Researchers find and use molecular interaction that relocates cancer cells.
Founded on studies that show new insight into the system that allow invasive malignant cells to move, scientists have gained new knowledge regarding how to stop cancer from metastasizing (spreading). A cancer that spreads elsewhere in the body—known as metastasis—is the process that very frequently advances to death from the malignancy.
Researchers announce that a molecule known as protein kinase D1 (PKD1) is the source to the ability of a cancer cell to transform its structure; allowing it to travel and invade healthy cells elsewhere in the body. The scientists found that if PKD1 is active, cancer cellscannot migrate to healthy cells. This discovery explains why PKD1 is suppressed in some of the invasive cancers.
During metastasis, invasive cancer cellsreact to biological signals to migrate away from a primary cancer. Researchers are particularly interested in this development. One group of scientists has been looking into a course of action known as actin modifying at the most forward point of these traveling cancer cells.
The actions that alter the actin cytoskeleton (cells containing elaborate arrangement of protein fibers that serve such functions as establishing cell shape and movement) at the leading edge are complex; a large number of molecules work together. It appears that PKD1 has to be turned off if cancer cells are to invade other healthy cells in the body.
In order for the cancer cells to move to healthy cells, the actin-based cell configuration has to be constantly restructured. For this to happen, new actin filaments need to be created to send the cell forward.
PKD1 is critical to this process.
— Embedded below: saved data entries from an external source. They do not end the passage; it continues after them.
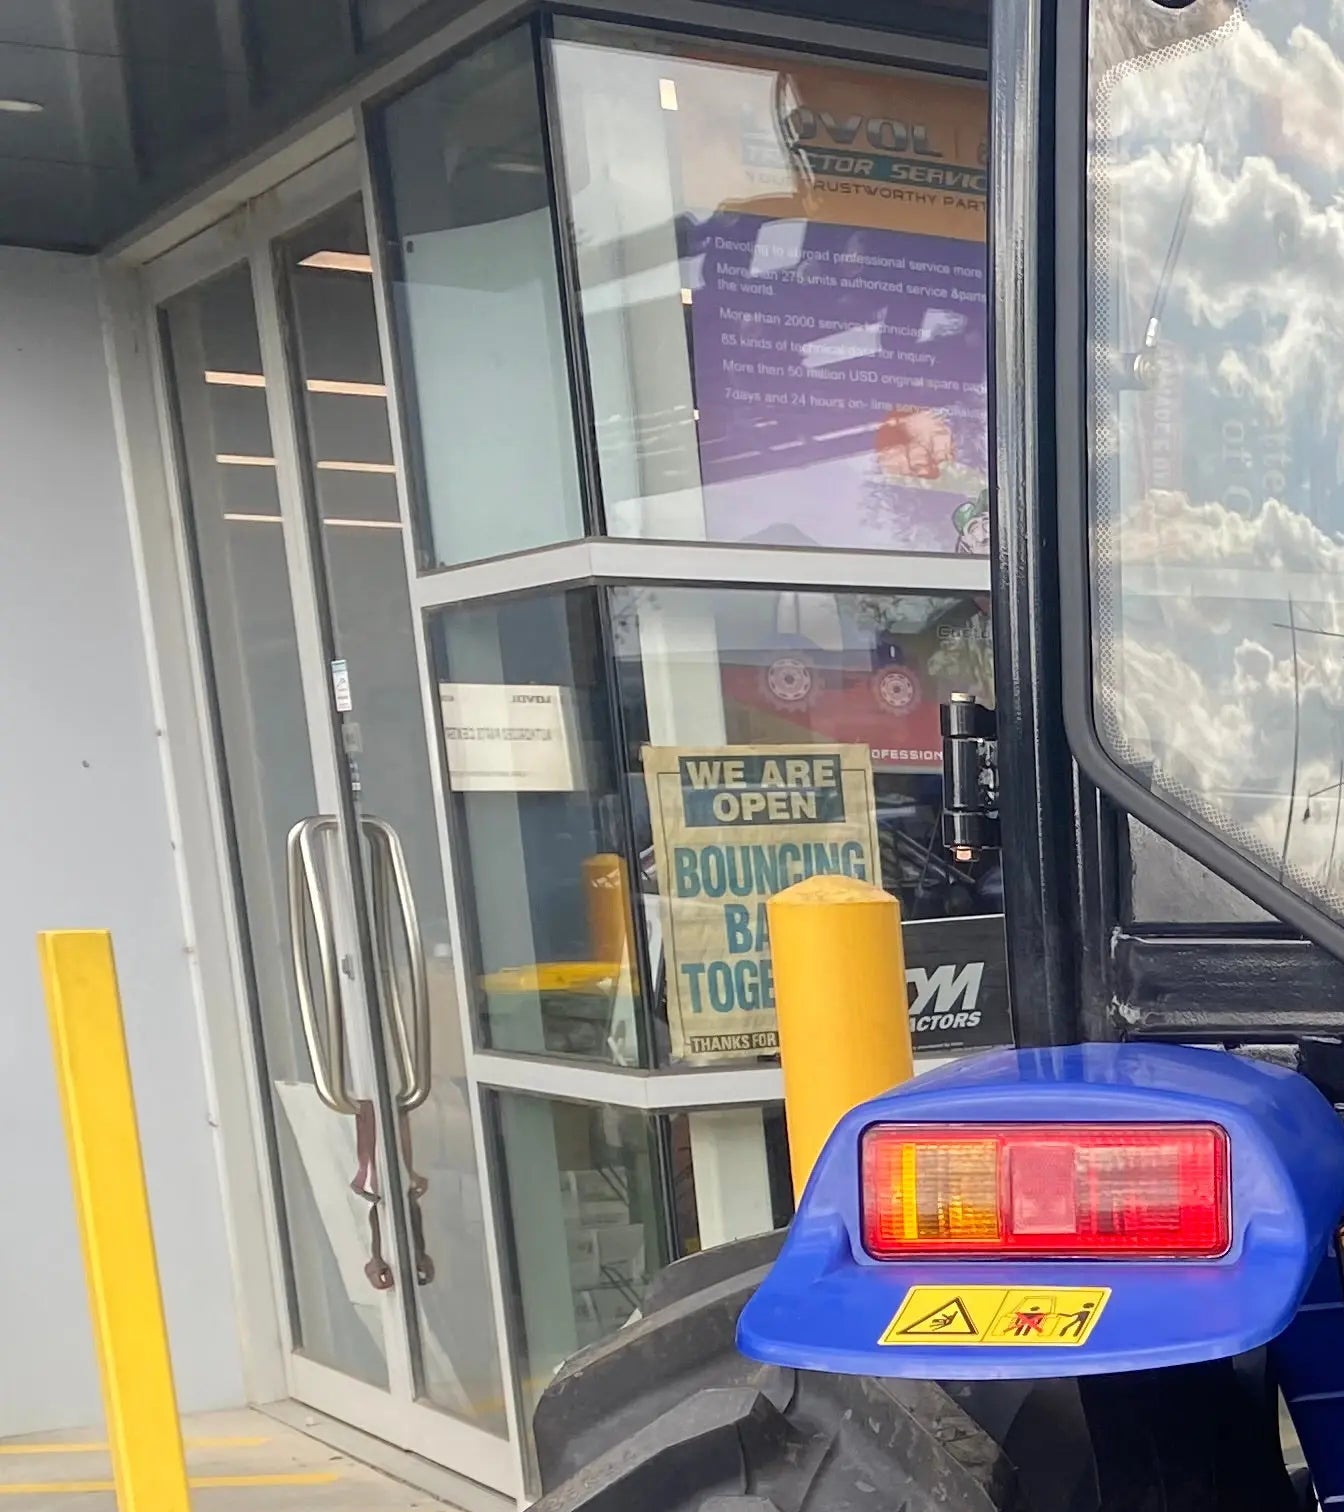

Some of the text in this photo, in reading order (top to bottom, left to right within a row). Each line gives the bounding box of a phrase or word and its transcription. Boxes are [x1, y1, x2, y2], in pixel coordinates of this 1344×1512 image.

[803, 179, 938, 207] RUSTWORTHY
[833, 251, 906, 269] professional
[909, 259, 950, 275] service
[953, 265, 983, 279] more
[718, 279, 737, 292] the
[807, 274, 838, 287] units
[840, 277, 903, 293] authorized
[906, 283, 948, 298] service
[720, 307, 753, 322] More
[754, 311, 781, 325] than
[784, 314, 815, 328] 2000
[740, 336, 772, 350] kinds
[775, 339, 788, 352] of
[723, 359, 754, 374] More
[757, 361, 784, 376] than
[807, 367, 846, 381] million
[849, 369, 878, 383] USD
[881, 373, 924, 388] original
[765, 391, 788, 404] and
[791, 393, 806, 406] 24
[810, 395, 845, 409] hours
[686, 758, 836, 789] WE ARE
[712, 791, 817, 822] OPEN
[674, 841, 866, 898] BOUNCING
[691, 1032, 777, 1053] THANKS FOR
PKD1 inhibits another protein called slingshot. Slingshot controls the splitting of Actin strings aid in the makeup of the cytoskeleton of cells. accessible actin arrangement so new actin filaments can be produced. This is necessary for cell travel.
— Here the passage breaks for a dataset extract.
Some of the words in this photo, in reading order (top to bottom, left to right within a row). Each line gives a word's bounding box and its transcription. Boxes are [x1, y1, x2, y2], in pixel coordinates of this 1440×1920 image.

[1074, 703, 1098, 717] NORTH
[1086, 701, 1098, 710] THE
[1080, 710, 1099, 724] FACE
Methods to kill cancer cells of PKD1 increased their ability to move spontaneously. Scientists then activated PKD1 in cancer cells and learned that movement was stopped. PKD1 is a negative controller of intended cell relocation, and if PKD1 is not shown in tumor cells, slingshot will become active and will add to the restructuring of actin, and cancer cells will move to healthy cells.
Researchers have found that PKD1 is also turned off in many invasive types of breast, gastric, and prostate cancer.
*I have recently been diagnosed with vocal cord cancer (both cords). It is my intention to create several articles concerning cancer.